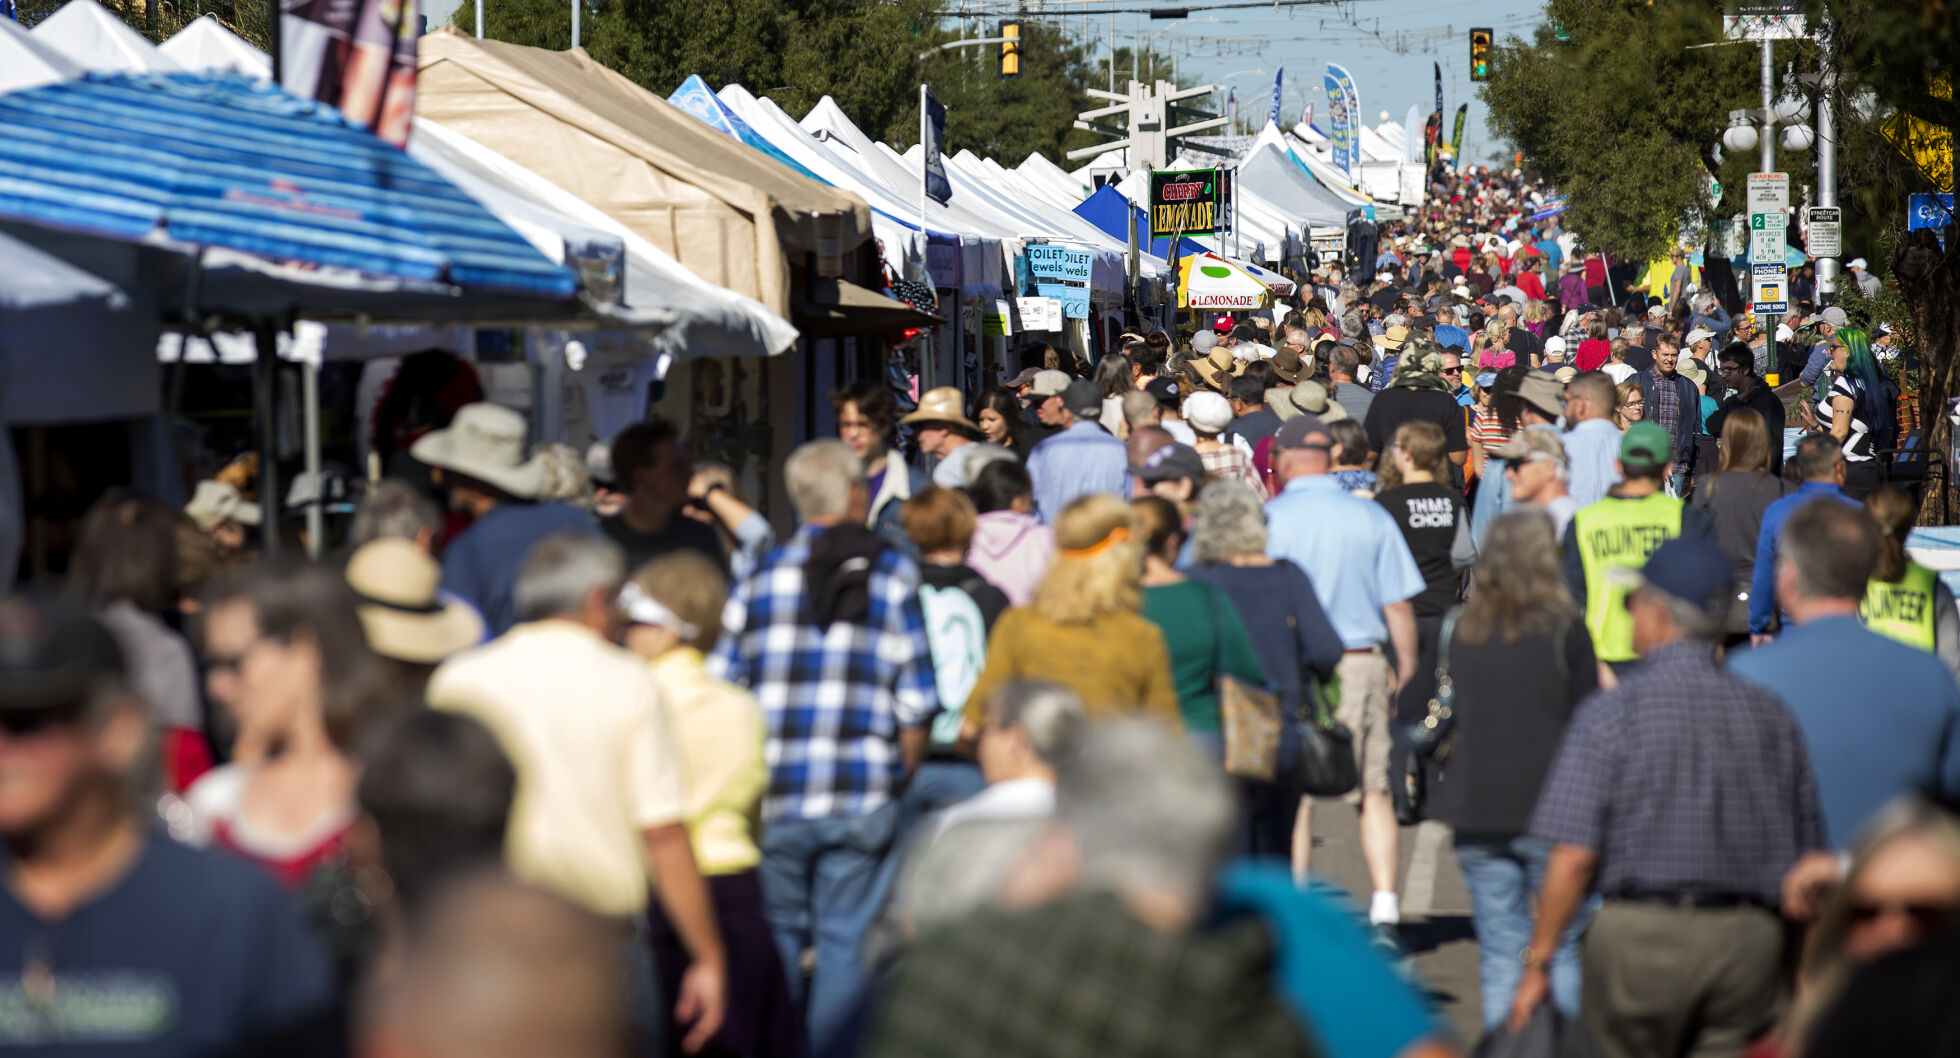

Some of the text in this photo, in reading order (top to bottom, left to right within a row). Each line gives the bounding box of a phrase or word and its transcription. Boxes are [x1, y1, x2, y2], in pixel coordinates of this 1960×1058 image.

[1163, 182, 1204, 200] CHERRY
[1153, 202, 1214, 232] LEMONADE
[1755, 216, 1762, 227] 2
[1027, 249, 1064, 259] TOILET
[1198, 296, 1253, 306] LEMONADE
[1406, 497, 1453, 513] THMS
[1408, 512, 1453, 528] CHOIR

Task brief ▸
With the pictures omitted, print each line of the data above precisely as given.

Reply to the task ▸
Some of the text in this photo, in reading order (top to bottom, left to right within a row). Each line gives the bounding box of a phrase or word and its transcription. Boxes are [x1, y1, x2, y2], in pixel coordinates of this 1960×1058 image.

[1163, 182, 1204, 200] CHERRY
[1153, 202, 1214, 232] LEMONADE
[1755, 216, 1762, 227] 2
[1027, 249, 1064, 259] TOILET
[1198, 296, 1253, 306] LEMONADE
[1406, 497, 1453, 513] THMS
[1408, 512, 1453, 528] CHOIR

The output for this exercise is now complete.